Beth Whitney is multi-disciplinary artist who has participated in a number of group shows in the greater New York City metro area as well as many collaborative, unsanctioned art exhibits and interventions. When she’s not spending time in her Jersey City studio, she’s busy designing and producing print and web materials for open source higher educational software communities. In addition she is employed as a Teaching Artist by Rutgers Paul Robeson Galleries, where she leads art outreach workshops in correctional facilities and other under-served communities within Newark, NJ.

© Beth Whitney
About the work
My work explores visual dichotomies, the spectacle of consumerism, and the ways in which class distinctions are represented and glorified. During a few formative years spent as an amusement park carney I witnessed the power of garish surfaces to attract attention, while simultaneously masking the unsavory innards hard at work beneath these carnivalesque exteriors. Later, a career making props and dressing theater sets afforded me a view into a world where the distances between the audience and what unfolds on stage create spaces where uncomfortable ideas can be examined in a non-threatening environment.

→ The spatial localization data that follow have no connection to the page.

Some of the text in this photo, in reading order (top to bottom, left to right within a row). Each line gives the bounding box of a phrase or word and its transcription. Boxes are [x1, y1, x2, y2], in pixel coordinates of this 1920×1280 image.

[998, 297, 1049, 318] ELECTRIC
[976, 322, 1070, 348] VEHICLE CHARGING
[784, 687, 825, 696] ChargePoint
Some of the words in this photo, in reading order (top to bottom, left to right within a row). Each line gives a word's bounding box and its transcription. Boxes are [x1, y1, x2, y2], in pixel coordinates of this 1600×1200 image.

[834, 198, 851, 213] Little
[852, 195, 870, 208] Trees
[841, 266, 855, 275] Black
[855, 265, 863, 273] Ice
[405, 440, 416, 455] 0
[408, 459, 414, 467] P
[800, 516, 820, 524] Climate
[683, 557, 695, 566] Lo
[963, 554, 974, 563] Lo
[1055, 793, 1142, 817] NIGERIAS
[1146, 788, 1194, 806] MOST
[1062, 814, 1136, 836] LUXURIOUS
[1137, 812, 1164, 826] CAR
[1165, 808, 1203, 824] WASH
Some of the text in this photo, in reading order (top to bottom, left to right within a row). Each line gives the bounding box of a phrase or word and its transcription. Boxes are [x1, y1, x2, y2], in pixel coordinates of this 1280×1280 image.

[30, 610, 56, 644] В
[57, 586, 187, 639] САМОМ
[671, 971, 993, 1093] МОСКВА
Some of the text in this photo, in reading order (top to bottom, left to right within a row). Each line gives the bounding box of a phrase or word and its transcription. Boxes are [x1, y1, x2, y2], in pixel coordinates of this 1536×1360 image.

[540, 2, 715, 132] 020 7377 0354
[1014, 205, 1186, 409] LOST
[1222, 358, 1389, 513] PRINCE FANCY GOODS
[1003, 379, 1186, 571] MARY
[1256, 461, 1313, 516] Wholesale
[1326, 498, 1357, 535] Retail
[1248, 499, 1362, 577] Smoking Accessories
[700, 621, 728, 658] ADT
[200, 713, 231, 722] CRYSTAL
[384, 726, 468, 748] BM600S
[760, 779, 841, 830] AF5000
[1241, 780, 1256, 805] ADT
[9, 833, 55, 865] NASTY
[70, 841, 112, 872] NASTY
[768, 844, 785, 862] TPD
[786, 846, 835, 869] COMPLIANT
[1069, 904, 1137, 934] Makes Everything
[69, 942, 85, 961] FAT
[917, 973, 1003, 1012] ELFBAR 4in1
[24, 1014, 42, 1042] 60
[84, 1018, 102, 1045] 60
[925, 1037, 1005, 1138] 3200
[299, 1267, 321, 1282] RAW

© Beth Whitney, Broken Homes
I believe in harnessing art’s power of the uncanny to introduce similar theatrical experiences into everyday life. Interjecting art into the public sphere allows for unanticipated shifts in perception, subverting expectations and forming ruptures in routine patterns.

© Beth Whitney, Meat Billboard Street
I have an inclination toward art as an act of subversion, and find working collaboratively a large part of my practice. “This is probably a really bad idea” usually crosses my mind at some point during projects I find worth pursuing. A large part of my process entails feeling uncomfortable and uneasy, and the times when I don’t signal that I’ve gone off course.